_WORK INSTRUCTION:_
Print out the data exactly, keeping every image out of it.

◇ ◇ ◇ ◇ ◇

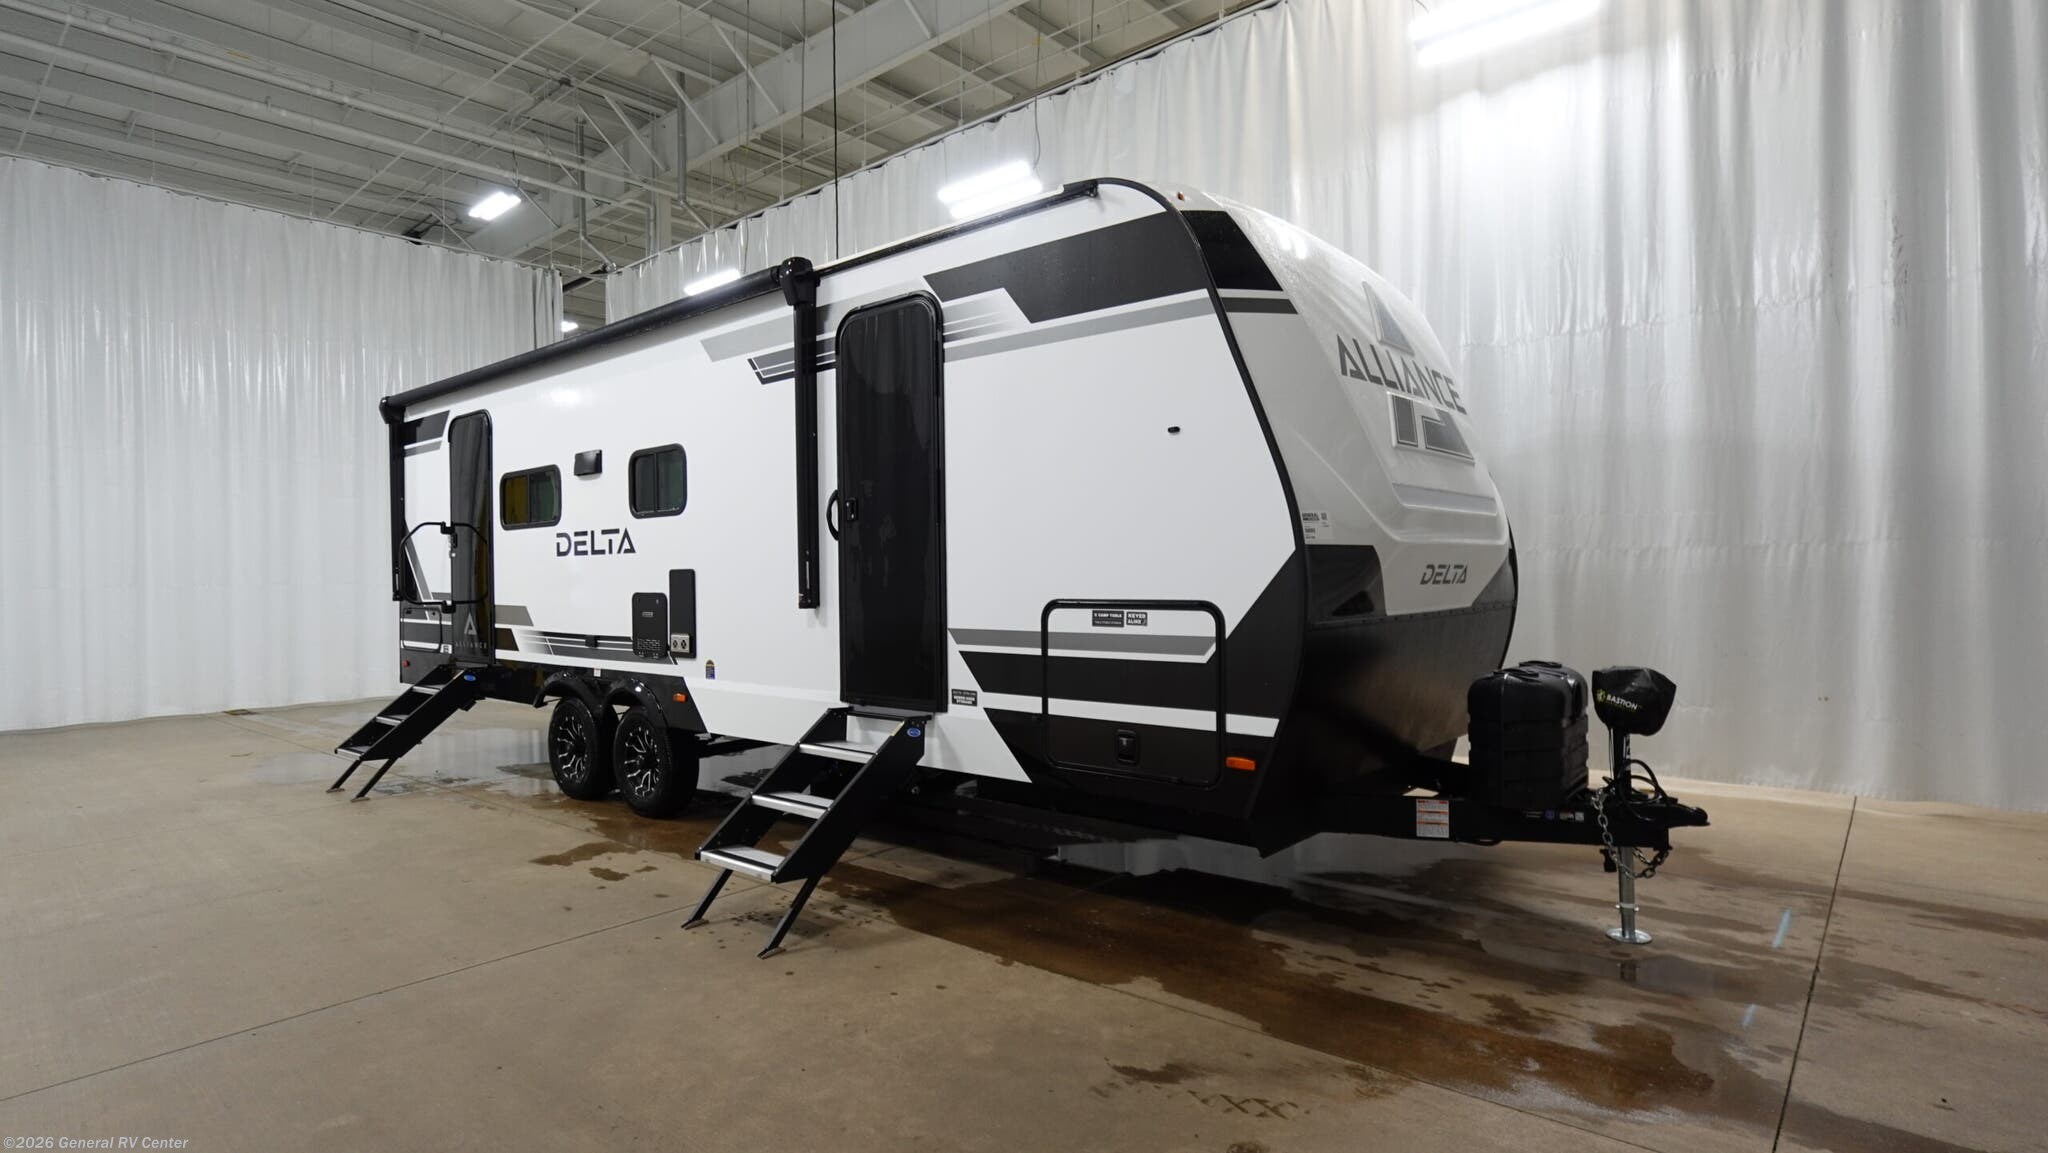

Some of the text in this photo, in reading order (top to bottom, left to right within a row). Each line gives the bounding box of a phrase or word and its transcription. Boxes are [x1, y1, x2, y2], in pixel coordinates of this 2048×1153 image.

[1336, 334, 1467, 415] ALLIANCE
[556, 528, 637, 557] DELTA
[1420, 564, 1468, 585] DELTA
[1606, 693, 1638, 710] BASTION
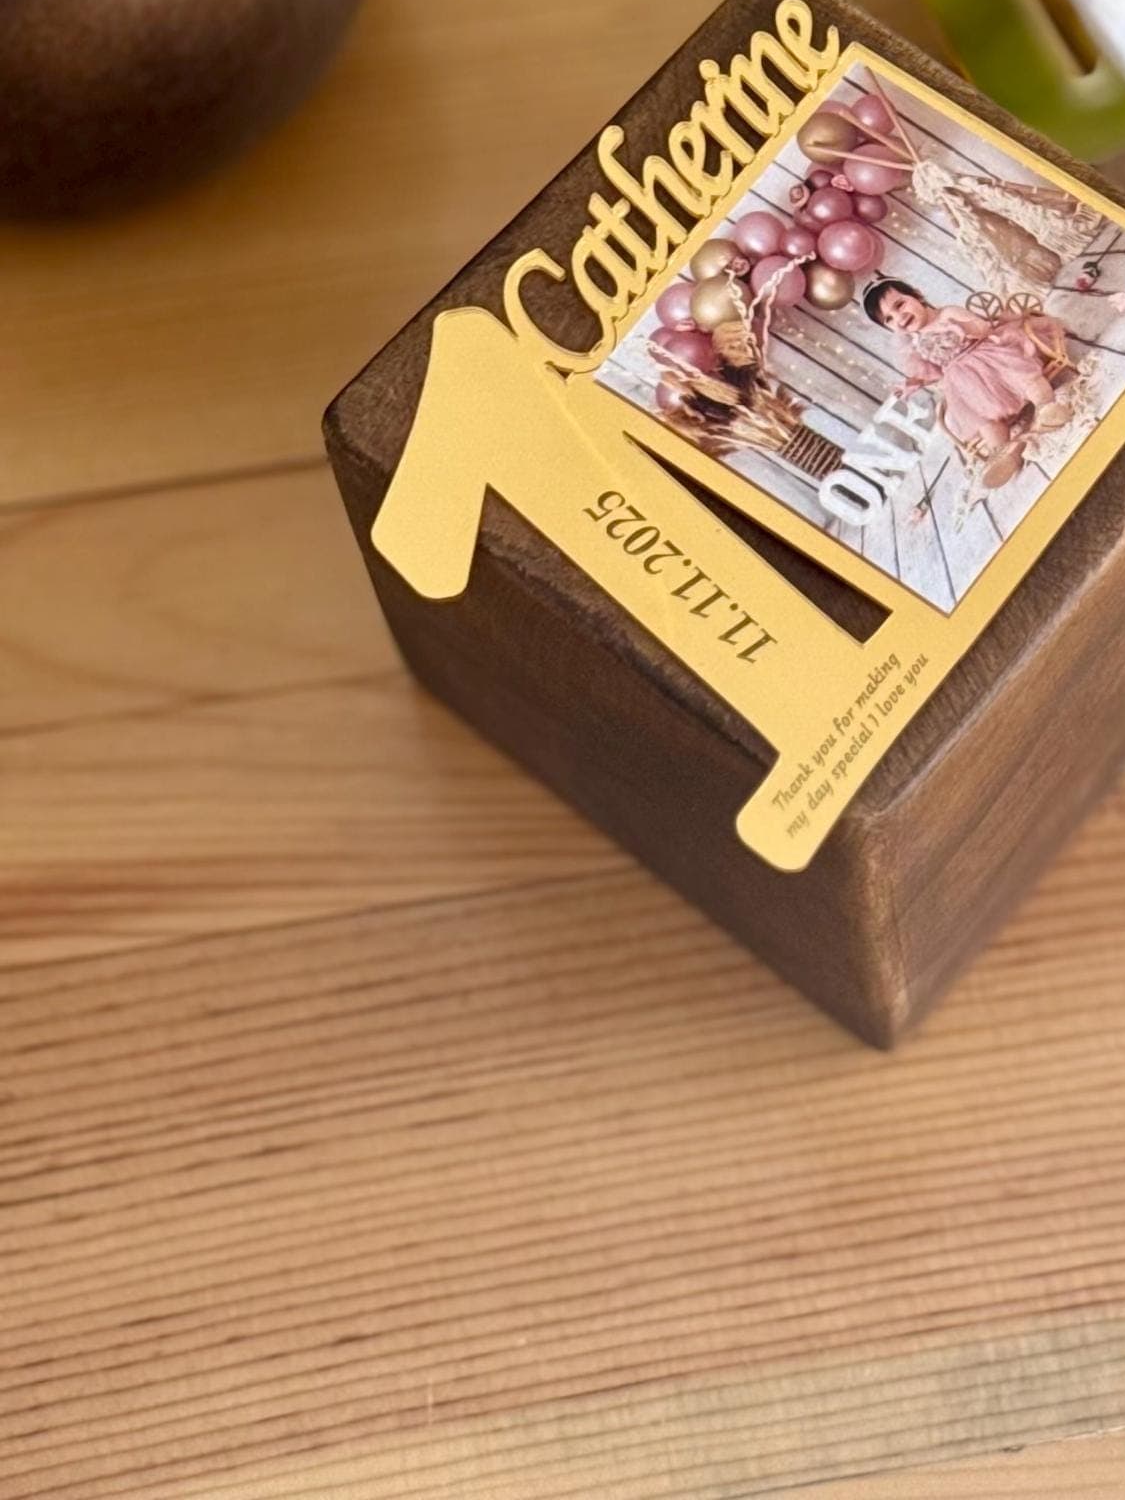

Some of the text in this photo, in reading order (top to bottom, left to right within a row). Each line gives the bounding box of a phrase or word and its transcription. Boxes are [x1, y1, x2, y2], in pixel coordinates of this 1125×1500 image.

◇ ◇ ◇ ◇ ◇

_ANSWER SECTION:_
Some of the text in this photo, in reading order (top to bottom, left to right within a row). Each line gives the bounding box of a phrase or word and its transcription. Boxes are [x1, y1, x2, y2], in pixel coordinates of this 2048×1153 image.

[1336, 334, 1467, 415] ALLIANCE
[556, 528, 637, 557] DELTA
[1420, 564, 1468, 585] DELTA
[1606, 693, 1638, 710] BASTION

Some of the text in this photo, in reading order (top to bottom, left to right within a row). Each line gives the bounding box of a phrase or word and its transcription. Boxes are [x1, y1, x2, y2], in pixel coordinates of this 1125×1500 image.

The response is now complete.